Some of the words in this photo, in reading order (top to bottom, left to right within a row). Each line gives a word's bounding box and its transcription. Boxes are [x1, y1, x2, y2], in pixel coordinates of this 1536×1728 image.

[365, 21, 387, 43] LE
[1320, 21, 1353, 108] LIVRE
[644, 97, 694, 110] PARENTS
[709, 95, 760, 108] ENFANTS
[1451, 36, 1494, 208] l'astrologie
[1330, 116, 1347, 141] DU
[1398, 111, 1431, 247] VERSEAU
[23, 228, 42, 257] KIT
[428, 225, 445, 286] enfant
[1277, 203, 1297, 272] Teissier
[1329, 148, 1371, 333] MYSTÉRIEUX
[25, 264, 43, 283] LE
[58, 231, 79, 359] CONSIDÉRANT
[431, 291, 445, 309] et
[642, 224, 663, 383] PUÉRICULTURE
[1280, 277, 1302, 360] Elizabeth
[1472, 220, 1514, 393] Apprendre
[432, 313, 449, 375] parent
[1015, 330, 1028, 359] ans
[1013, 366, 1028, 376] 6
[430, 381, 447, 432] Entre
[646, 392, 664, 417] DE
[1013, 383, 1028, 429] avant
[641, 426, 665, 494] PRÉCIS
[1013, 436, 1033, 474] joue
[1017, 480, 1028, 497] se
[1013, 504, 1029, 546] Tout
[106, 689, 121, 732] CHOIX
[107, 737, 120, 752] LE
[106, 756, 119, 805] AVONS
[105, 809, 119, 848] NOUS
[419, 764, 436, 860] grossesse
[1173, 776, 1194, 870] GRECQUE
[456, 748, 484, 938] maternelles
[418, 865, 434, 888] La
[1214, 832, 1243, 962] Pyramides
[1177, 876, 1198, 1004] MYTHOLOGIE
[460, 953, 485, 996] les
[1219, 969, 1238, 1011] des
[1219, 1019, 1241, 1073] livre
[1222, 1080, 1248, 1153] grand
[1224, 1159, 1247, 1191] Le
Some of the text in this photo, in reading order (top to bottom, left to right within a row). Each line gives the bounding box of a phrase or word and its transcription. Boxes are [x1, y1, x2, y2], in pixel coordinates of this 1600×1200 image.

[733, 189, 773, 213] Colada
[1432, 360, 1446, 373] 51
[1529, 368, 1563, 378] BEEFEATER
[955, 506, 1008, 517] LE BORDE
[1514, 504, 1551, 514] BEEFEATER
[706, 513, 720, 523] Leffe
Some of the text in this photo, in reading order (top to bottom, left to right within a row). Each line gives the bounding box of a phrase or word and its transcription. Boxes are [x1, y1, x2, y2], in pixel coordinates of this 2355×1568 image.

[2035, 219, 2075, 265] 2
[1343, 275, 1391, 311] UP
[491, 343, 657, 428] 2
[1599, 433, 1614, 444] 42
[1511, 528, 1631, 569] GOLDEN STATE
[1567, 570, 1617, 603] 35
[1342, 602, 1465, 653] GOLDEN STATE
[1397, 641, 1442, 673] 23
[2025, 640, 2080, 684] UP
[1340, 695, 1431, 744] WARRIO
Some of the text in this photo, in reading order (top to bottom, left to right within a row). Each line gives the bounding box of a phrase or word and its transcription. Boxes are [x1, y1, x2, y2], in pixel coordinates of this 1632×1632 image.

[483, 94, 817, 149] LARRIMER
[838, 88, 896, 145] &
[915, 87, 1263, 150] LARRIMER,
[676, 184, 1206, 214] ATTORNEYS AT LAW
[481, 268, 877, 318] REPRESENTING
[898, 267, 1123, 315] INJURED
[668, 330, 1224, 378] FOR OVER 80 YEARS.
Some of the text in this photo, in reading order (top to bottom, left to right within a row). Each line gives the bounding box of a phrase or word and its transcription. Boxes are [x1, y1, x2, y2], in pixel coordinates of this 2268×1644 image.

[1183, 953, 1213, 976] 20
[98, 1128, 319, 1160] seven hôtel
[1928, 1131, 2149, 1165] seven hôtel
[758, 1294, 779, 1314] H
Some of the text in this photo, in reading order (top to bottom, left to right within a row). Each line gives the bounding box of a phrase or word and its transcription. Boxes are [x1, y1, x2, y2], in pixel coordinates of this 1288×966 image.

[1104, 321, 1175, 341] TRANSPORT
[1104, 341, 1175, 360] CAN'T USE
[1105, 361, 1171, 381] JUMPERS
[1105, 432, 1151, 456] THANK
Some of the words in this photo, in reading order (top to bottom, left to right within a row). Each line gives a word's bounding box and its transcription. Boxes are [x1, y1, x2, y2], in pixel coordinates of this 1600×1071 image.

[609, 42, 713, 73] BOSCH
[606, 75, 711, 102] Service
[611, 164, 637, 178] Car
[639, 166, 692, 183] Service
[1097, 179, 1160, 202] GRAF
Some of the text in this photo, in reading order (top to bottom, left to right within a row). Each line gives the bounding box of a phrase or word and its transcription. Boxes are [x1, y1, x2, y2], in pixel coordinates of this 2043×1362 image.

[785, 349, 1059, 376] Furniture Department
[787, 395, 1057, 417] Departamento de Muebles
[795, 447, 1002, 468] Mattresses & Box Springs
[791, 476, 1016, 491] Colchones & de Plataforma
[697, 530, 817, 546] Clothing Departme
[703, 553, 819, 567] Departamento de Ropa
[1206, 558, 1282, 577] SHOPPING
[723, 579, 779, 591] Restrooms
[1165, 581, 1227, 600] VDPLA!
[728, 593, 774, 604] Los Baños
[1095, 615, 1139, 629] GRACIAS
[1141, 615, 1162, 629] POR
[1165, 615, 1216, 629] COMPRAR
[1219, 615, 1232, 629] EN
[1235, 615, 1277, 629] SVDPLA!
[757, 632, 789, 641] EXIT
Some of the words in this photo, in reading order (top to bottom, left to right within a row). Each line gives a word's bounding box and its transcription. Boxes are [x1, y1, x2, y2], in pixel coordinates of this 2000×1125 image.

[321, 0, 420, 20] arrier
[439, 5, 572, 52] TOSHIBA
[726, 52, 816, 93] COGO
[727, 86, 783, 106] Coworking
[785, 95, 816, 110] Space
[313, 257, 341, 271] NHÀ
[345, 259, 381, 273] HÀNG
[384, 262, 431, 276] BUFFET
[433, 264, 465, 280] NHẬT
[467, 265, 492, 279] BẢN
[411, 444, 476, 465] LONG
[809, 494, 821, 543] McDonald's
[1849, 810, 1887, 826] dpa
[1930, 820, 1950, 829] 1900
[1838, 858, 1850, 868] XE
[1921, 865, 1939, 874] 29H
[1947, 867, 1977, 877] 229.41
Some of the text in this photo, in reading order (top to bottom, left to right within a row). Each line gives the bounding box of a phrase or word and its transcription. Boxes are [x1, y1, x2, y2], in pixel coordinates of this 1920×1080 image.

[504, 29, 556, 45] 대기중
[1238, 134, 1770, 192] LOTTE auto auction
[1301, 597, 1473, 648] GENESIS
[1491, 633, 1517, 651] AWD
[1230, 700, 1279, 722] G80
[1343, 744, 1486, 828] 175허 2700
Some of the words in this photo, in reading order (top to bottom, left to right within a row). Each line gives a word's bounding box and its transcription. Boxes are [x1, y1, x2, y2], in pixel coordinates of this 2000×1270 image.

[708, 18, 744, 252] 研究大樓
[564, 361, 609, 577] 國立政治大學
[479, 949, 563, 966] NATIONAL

### AIM OF THE TASK:
The data above needs retyping. Reproduce each line exactly.

### FINAL ANSWER:
Some of the words in this photo, in reading order (top to bottom, left to right within a row). Each line gives a word's bounding box and its transcription. Boxes are [x1, y1, x2, y2], in pixel coordinates of this 1536×1728 image.

[365, 21, 387, 43] LE
[1320, 21, 1353, 108] LIVRE
[644, 97, 694, 110] PARENTS
[709, 95, 760, 108] ENFANTS
[1451, 36, 1494, 208] l'astrologie
[1330, 116, 1347, 141] DU
[1398, 111, 1431, 247] VERSEAU
[23, 228, 42, 257] KIT
[428, 225, 445, 286] enfant
[1277, 203, 1297, 272] Teissier
[1329, 148, 1371, 333] MYSTÉRIEUX
[25, 264, 43, 283] LE
[58, 231, 79, 359] CONSIDÉRANT
[431, 291, 445, 309] et
[642, 224, 663, 383] PUÉRICULTURE
[1280, 277, 1302, 360] Elizabeth
[1472, 220, 1514, 393] Apprendre
[432, 313, 449, 375] parent
[1015, 330, 1028, 359] ans
[1013, 366, 1028, 376] 6
[430, 381, 447, 432] Entre
[646, 392, 664, 417] DE
[1013, 383, 1028, 429] avant
[641, 426, 665, 494] PRÉCIS
[1013, 436, 1033, 474] joue
[1017, 480, 1028, 497] se
[1013, 504, 1029, 546] Tout
[106, 689, 121, 732] CHOIX
[107, 737, 120, 752] LE
[106, 756, 119, 805] AVONS
[105, 809, 119, 848] NOUS
[419, 764, 436, 860] grossesse
[1173, 776, 1194, 870] GRECQUE
[456, 748, 484, 938] maternelles
[418, 865, 434, 888] La
[1214, 832, 1243, 962] Pyramides
[1177, 876, 1198, 1004] MYTHOLOGIE
[460, 953, 485, 996] les
[1219, 969, 1238, 1011] des
[1219, 1019, 1241, 1073] livre
[1222, 1080, 1248, 1153] grand
[1224, 1159, 1247, 1191] Le
Some of the text in this photo, in reading order (top to bottom, left to right within a row). Each line gives the bounding box of a phrase or word and its transcription. Boxes are [x1, y1, x2, y2], in pixel coordinates of this 1600×1200 image.

[733, 189, 773, 213] Colada
[1432, 360, 1446, 373] 51
[1529, 368, 1563, 378] BEEFEATER
[955, 506, 1008, 517] LE BORDE
[1514, 504, 1551, 514] BEEFEATER
[706, 513, 720, 523] Leffe
Some of the text in this photo, in reading order (top to bottom, left to right within a row). Each line gives the bounding box of a phrase or word and its transcription. Boxes are [x1, y1, x2, y2], in pixel coordinates of this 2355×1568 image.

[2035, 219, 2075, 265] 2
[1343, 275, 1391, 311] UP
[491, 343, 657, 428] 2
[1599, 433, 1614, 444] 42
[1511, 528, 1631, 569] GOLDEN STATE
[1567, 570, 1617, 603] 35
[1342, 602, 1465, 653] GOLDEN STATE
[1397, 641, 1442, 673] 23
[2025, 640, 2080, 684] UP
[1340, 695, 1431, 744] WARRIO
Some of the text in this photo, in reading order (top to bottom, left to right within a row). Each line gives the bounding box of a phrase or word and its transcription. Boxes are [x1, y1, x2, y2], in pixel coordinates of this 1632×1632 image.

[483, 94, 817, 149] LARRIMER
[838, 88, 896, 145] &
[915, 87, 1263, 150] LARRIMER,
[676, 184, 1206, 214] ATTORNEYS AT LAW
[481, 268, 877, 318] REPRESENTING
[898, 267, 1123, 315] INJURED
[668, 330, 1224, 378] FOR OVER 80 YEARS.
Some of the text in this photo, in reading order (top to bottom, left to right within a row). Each line gives the bounding box of a phrase or word and its transcription. Boxes are [x1, y1, x2, y2], in pixel coordinates of this 2268×1644 image.

[1183, 953, 1213, 976] 20
[98, 1128, 319, 1160] seven hôtel
[1928, 1131, 2149, 1165] seven hôtel
[758, 1294, 779, 1314] H
Some of the text in this photo, in reading order (top to bottom, left to right within a row). Each line gives the bounding box of a phrase or word and its transcription. Boxes are [x1, y1, x2, y2], in pixel coordinates of this 1288×966 image.

[1104, 321, 1175, 341] TRANSPORT
[1104, 341, 1175, 360] CAN'T USE
[1105, 361, 1171, 381] JUMPERS
[1105, 432, 1151, 456] THANK
Some of the words in this photo, in reading order (top to bottom, left to right within a row). Each line gives a word's bounding box and its transcription. Boxes are [x1, y1, x2, y2], in pixel coordinates of this 1600×1071 image.

[609, 42, 713, 73] BOSCH
[606, 75, 711, 102] Service
[611, 164, 637, 178] Car
[639, 166, 692, 183] Service
[1097, 179, 1160, 202] GRAF
Some of the text in this photo, in reading order (top to bottom, left to right within a row). Each line gives the bounding box of a phrase or word and its transcription. Boxes are [x1, y1, x2, y2], in pixel coordinates of this 2043×1362 image.

[785, 349, 1059, 376] Furniture Department
[787, 395, 1057, 417] Departamento de Muebles
[795, 447, 1002, 468] Mattresses & Box Springs
[791, 476, 1016, 491] Colchones & de Plataforma
[697, 530, 817, 546] Clothing Departme
[703, 553, 819, 567] Departamento de Ropa
[1206, 558, 1282, 577] SHOPPING
[723, 579, 779, 591] Restrooms
[1165, 581, 1227, 600] VDPLA!
[728, 593, 774, 604] Los Baños
[1095, 615, 1139, 629] GRACIAS
[1141, 615, 1162, 629] POR
[1165, 615, 1216, 629] COMPRAR
[1219, 615, 1232, 629] EN
[1235, 615, 1277, 629] SVDPLA!
[757, 632, 789, 641] EXIT
Some of the words in this photo, in reading order (top to bottom, left to right within a row). Each line gives a word's bounding box and its transcription. Boxes are [x1, y1, x2, y2], in pixel coordinates of this 2000×1125 image.

[321, 0, 420, 20] arrier
[439, 5, 572, 52] TOSHIBA
[726, 52, 816, 93] COGO
[727, 86, 783, 106] Coworking
[785, 95, 816, 110] Space
[313, 257, 341, 271] NHÀ
[345, 259, 381, 273] HÀNG
[384, 262, 431, 276] BUFFET
[433, 264, 465, 280] NHẬT
[467, 265, 492, 279] BẢN
[411, 444, 476, 465] LONG
[809, 494, 821, 543] McDonald's
[1849, 810, 1887, 826] dpa
[1930, 820, 1950, 829] 1900
[1838, 858, 1850, 868] XE
[1921, 865, 1939, 874] 29H
[1947, 867, 1977, 877] 229.41
Some of the text in this photo, in reading order (top to bottom, left to right within a row). Each line gives the bounding box of a phrase or word and its transcription. Boxes are [x1, y1, x2, y2], in pixel coordinates of this 1920×1080 image.

[504, 29, 556, 45] 대기중
[1238, 134, 1770, 192] LOTTE auto auction
[1301, 597, 1473, 648] GENESIS
[1491, 633, 1517, 651] AWD
[1230, 700, 1279, 722] G80
[1343, 744, 1486, 828] 175허 2700
Some of the words in this photo, in reading order (top to bottom, left to right within a row). Each line gives a word's bounding box and its transcription. Boxes are [x1, y1, x2, y2], in pixel coordinates of this 2000×1270 image.

[708, 18, 744, 252] 研究大樓
[564, 361, 609, 577] 國立政治大學
[479, 949, 563, 966] NATIONAL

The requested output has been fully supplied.